▸ Aim of the exercise
Every entry below should be reproduced exactly, with all pictures left out.

Items from a dataset:
--------------------------------------------------

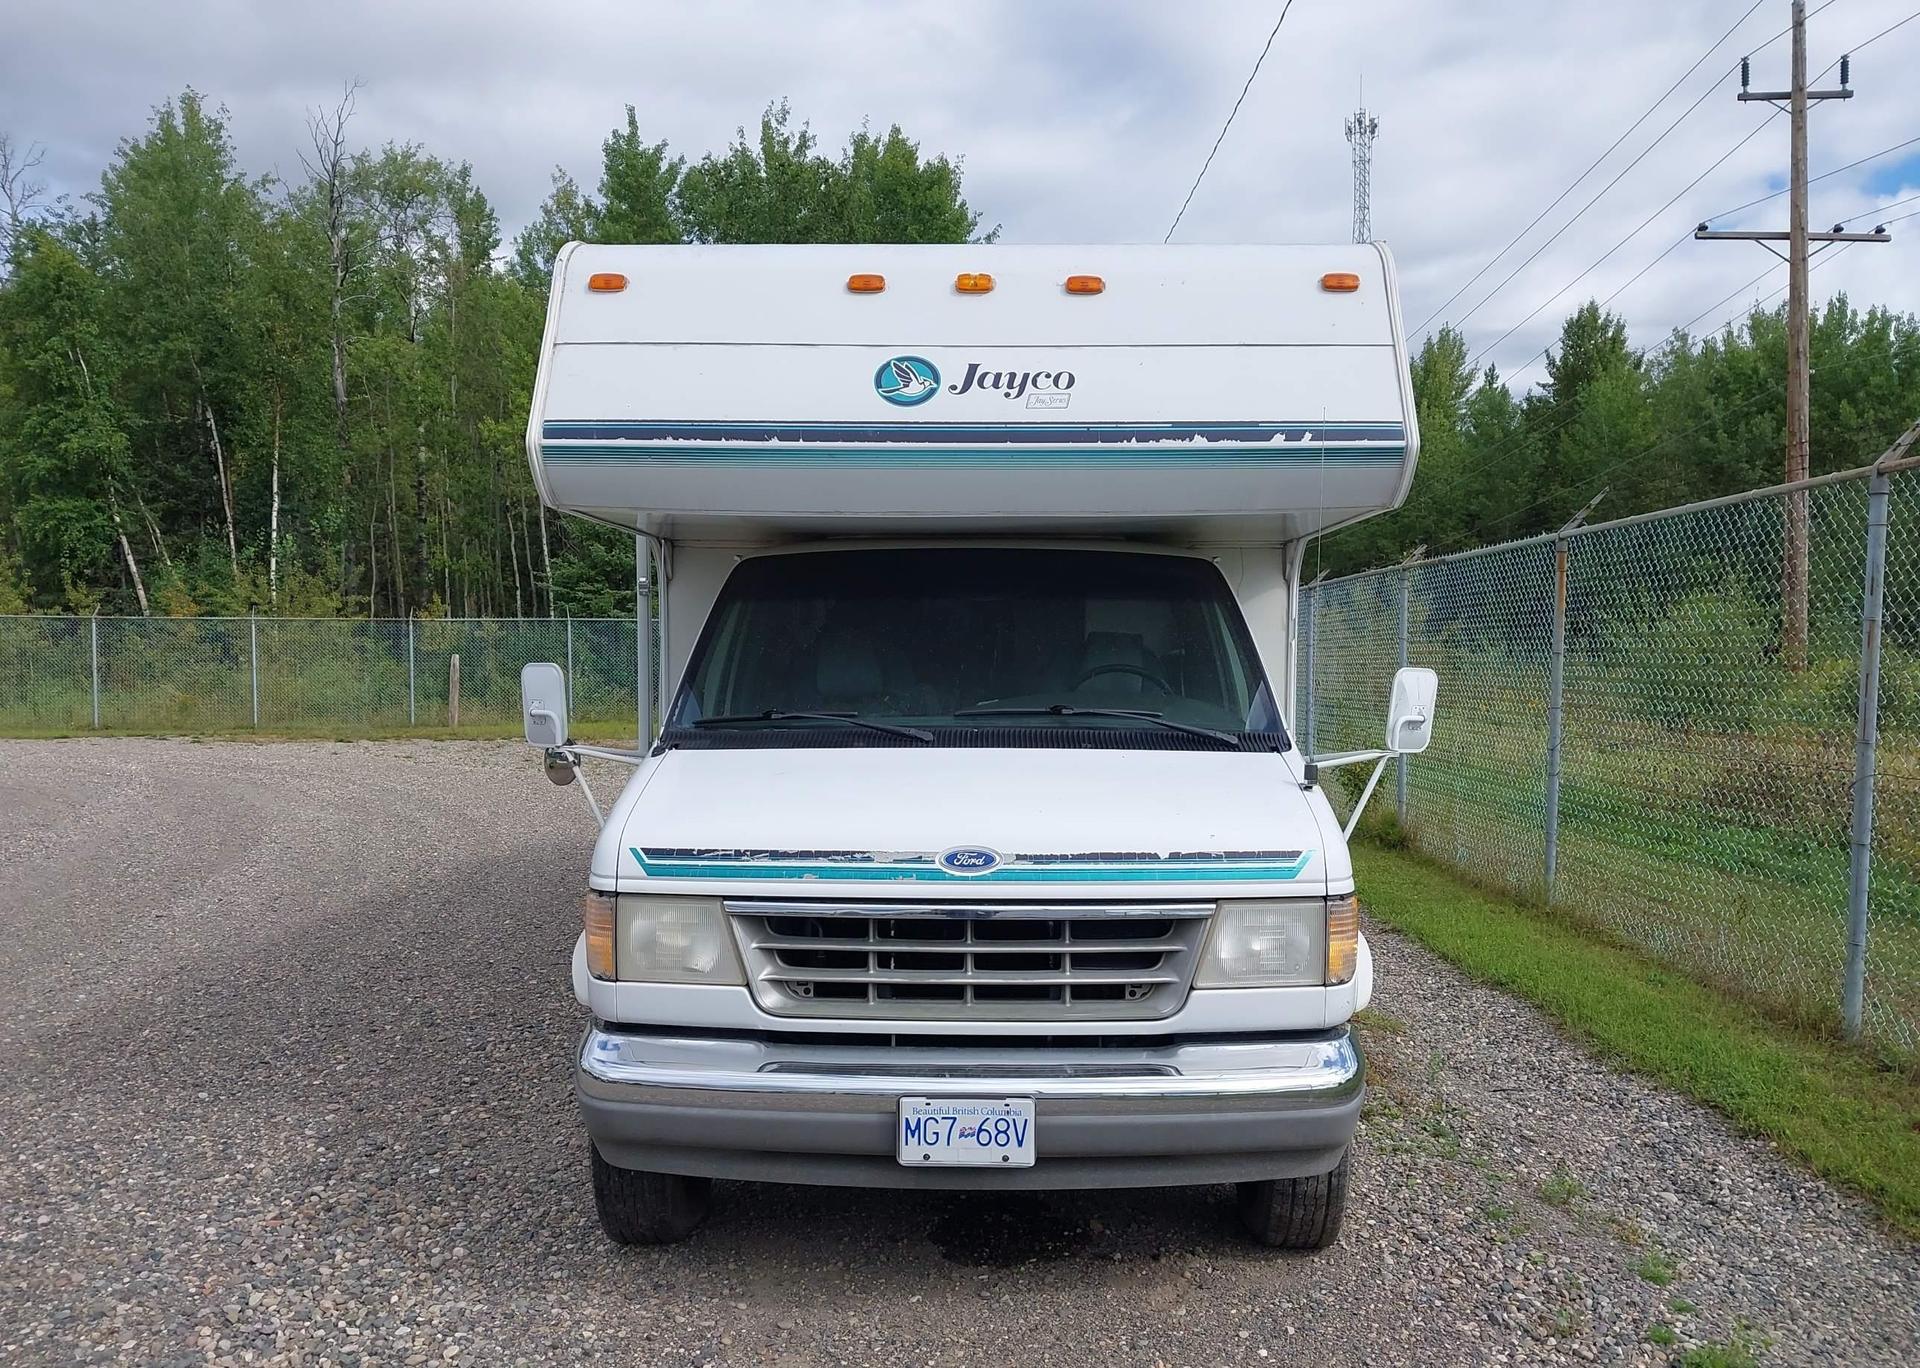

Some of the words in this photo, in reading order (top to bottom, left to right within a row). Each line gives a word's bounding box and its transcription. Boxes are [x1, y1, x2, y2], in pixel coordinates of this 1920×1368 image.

[948, 362, 1076, 399] Jayco
[953, 852, 985, 866] Ford
[912, 1106, 950, 1116] Beautiful
[952, 1107, 979, 1116] British
[980, 1107, 1022, 1117] Columbia
[904, 1116, 957, 1146] MG7
[976, 1117, 1028, 1148] 68V

--------------------------------------------------

▸ Task result
Some of the words in this photo, in reading order (top to bottom, left to right within a row). Each line gives a word's bounding box and its transcription. Boxes are [x1, y1, x2, y2], in pixel coordinates of this 1920×1368 image.

[948, 362, 1076, 399] Jayco
[953, 852, 985, 866] Ford
[912, 1106, 950, 1116] Beautiful
[952, 1107, 979, 1116] British
[980, 1107, 1022, 1117] Columbia
[904, 1116, 957, 1146] MG7
[976, 1117, 1028, 1148] 68V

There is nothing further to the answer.